▶ [What the exercise asks] Would you reproduce each line below exactly, leaving every picture out?
───
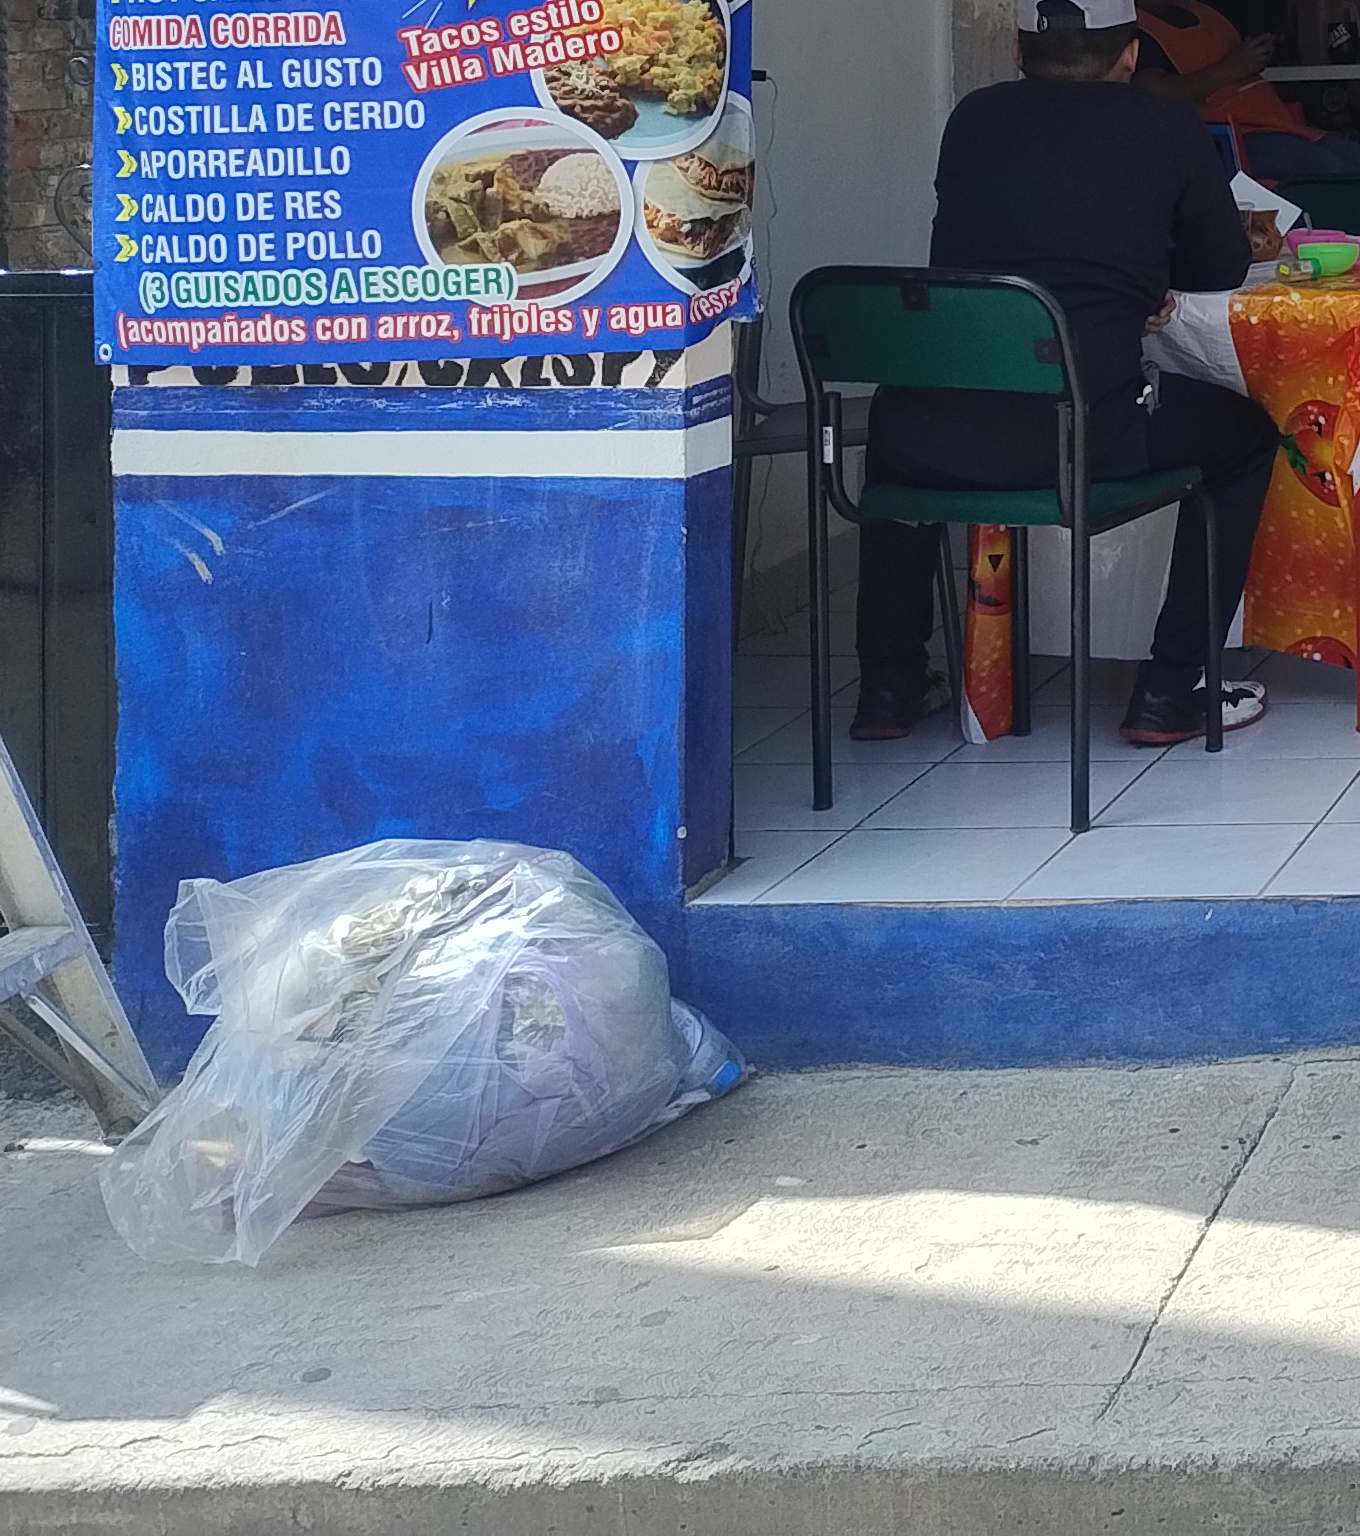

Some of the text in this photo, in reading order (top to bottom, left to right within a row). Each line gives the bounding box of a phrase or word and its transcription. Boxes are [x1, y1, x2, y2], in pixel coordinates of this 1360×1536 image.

[110, 11, 346, 50] COMIDA CORRIDA
[400, 18, 501, 57] Tacos
[132, 57, 382, 91] BISTEC AL GUSTO
[405, 28, 622, 89] Villa Madero
[135, 100, 425, 135] COSTILLA DE CERDO
[141, 146, 350, 179] APORREADILLO
[142, 190, 341, 222] CALDO DE RES
[142, 230, 381, 263] CALDO DE POLLO
[140, 264, 517, 311] (3 GUISADOS A ESCOGER)
[116, 312, 307, 351] (acompañados
[314, 313, 368, 343] con
[376, 310, 461, 343] arroz,
[467, 299, 574, 347] frijoles
[580, 309, 599, 339] y
[609, 299, 684, 335] agua
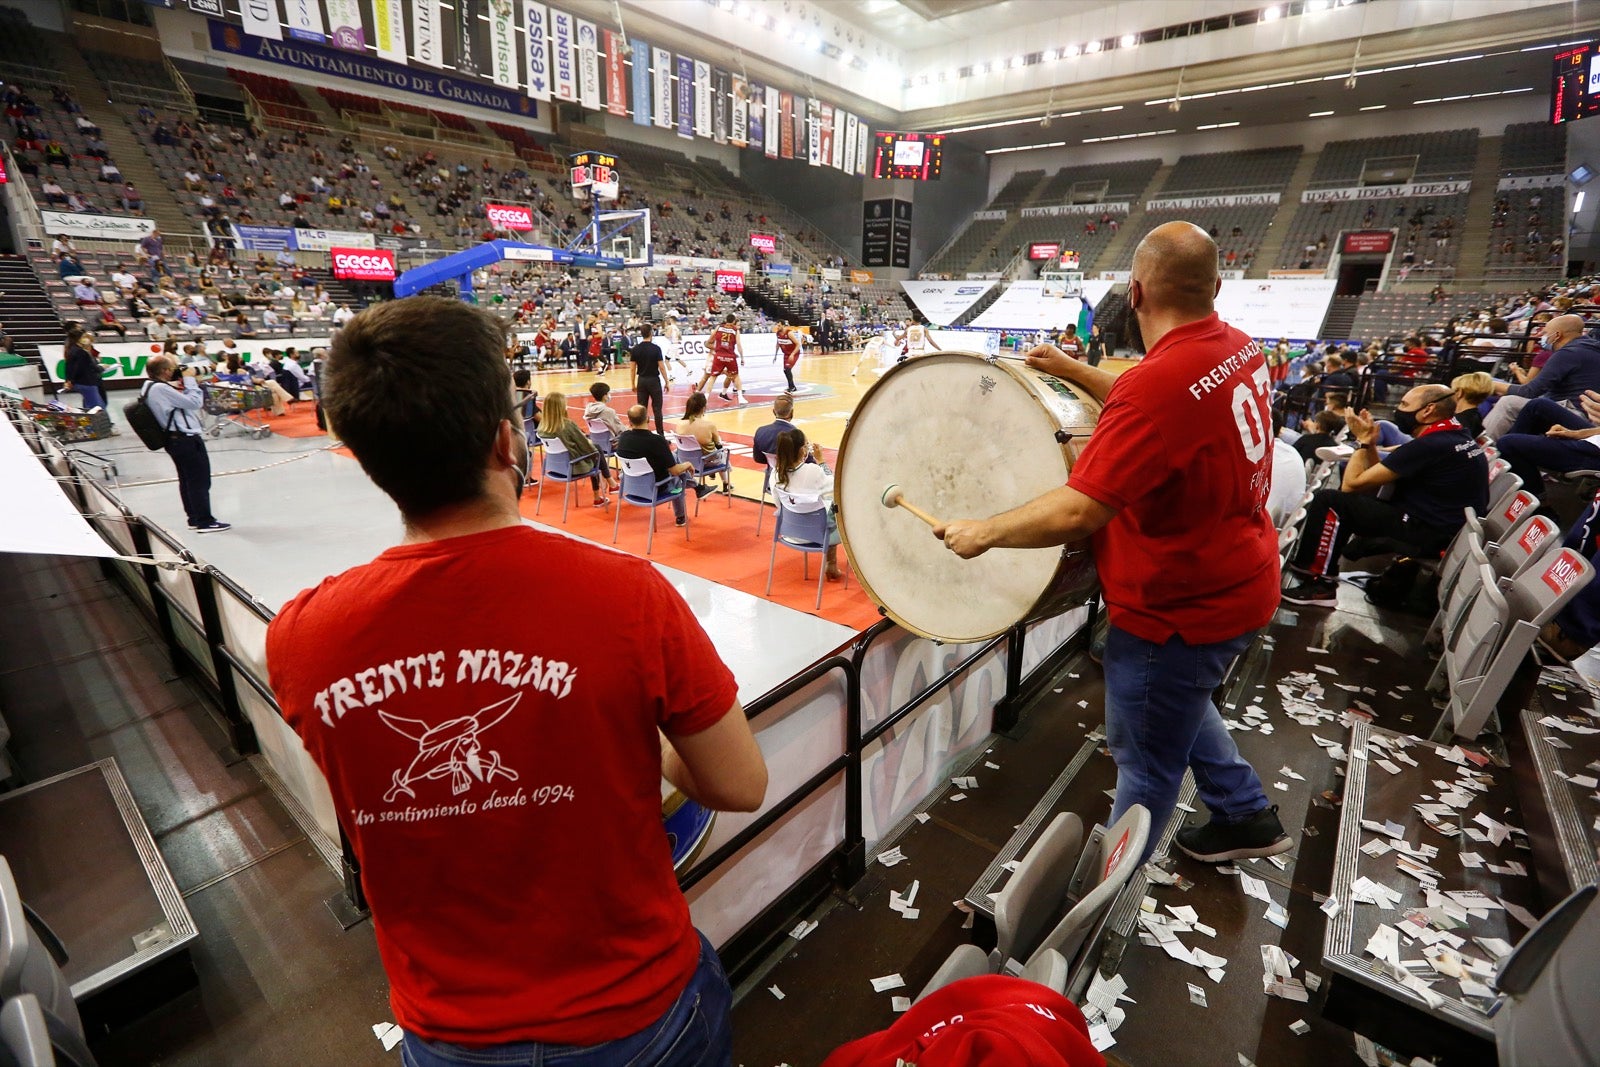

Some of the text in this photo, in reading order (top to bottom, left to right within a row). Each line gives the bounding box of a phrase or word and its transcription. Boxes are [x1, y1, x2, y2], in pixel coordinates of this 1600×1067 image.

[529, 8, 544, 75] asisa
[556, 14, 571, 81] BERNER
[257, 38, 511, 110] AYUNTAMIENTO DE GRANADA
[585, 48, 596, 93] Cuerva
[734, 108, 746, 140] enPie
[1150, 195, 1273, 210] IDEAL IDEAL IDEAL
[1306, 182, 1470, 201] IDEAL IDEAL IDEAL
[1024, 203, 1127, 217] IDEAL IDEAL IDEAL
[1188, 340, 1262, 400] FRENTE NAZA
[1511, 498, 1523, 513] NO
[1527, 524, 1540, 540] NO
[1552, 558, 1571, 578] NO
[314, 650, 446, 728] FRENTE
[379, 801, 477, 823] sentimiento
[481, 786, 527, 811] desde
[531, 784, 575, 806] 1994
───
▶ [Answer to this problem]
Some of the text in this photo, in reading order (top to bottom, left to right within a row). Each line gives the bounding box of a phrase or word and its transcription. Boxes are [x1, y1, x2, y2], in pixel coordinates of this 1360×1536 image.

[110, 11, 346, 50] COMIDA CORRIDA
[400, 18, 501, 57] Tacos
[132, 57, 382, 91] BISTEC AL GUSTO
[405, 28, 622, 89] Villa Madero
[135, 100, 425, 135] COSTILLA DE CERDO
[141, 146, 350, 179] APORREADILLO
[142, 190, 341, 222] CALDO DE RES
[142, 230, 381, 263] CALDO DE POLLO
[140, 264, 517, 311] (3 GUISADOS A ESCOGER)
[116, 312, 307, 351] (acompañados
[314, 313, 368, 343] con
[376, 310, 461, 343] arroz,
[467, 299, 574, 347] frijoles
[580, 309, 599, 339] y
[609, 299, 684, 335] agua

Some of the text in this photo, in reading order (top to bottom, left to right within a row). Each line gives the bounding box of a phrase or word and its transcription. Boxes are [x1, y1, x2, y2], in pixel coordinates of this 1600×1067 image.

[529, 8, 544, 75] asisa
[556, 14, 571, 81] BERNER
[257, 38, 511, 110] AYUNTAMIENTO DE GRANADA
[585, 48, 596, 93] Cuerva
[734, 108, 746, 140] enPie
[1150, 195, 1273, 210] IDEAL IDEAL IDEAL
[1306, 182, 1470, 201] IDEAL IDEAL IDEAL
[1024, 203, 1127, 217] IDEAL IDEAL IDEAL
[1188, 340, 1262, 400] FRENTE NAZA
[1511, 498, 1523, 513] NO
[1527, 524, 1540, 540] NO
[1552, 558, 1571, 578] NO
[314, 650, 446, 728] FRENTE
[379, 801, 477, 823] sentimiento
[481, 786, 527, 811] desde
[531, 784, 575, 806] 1994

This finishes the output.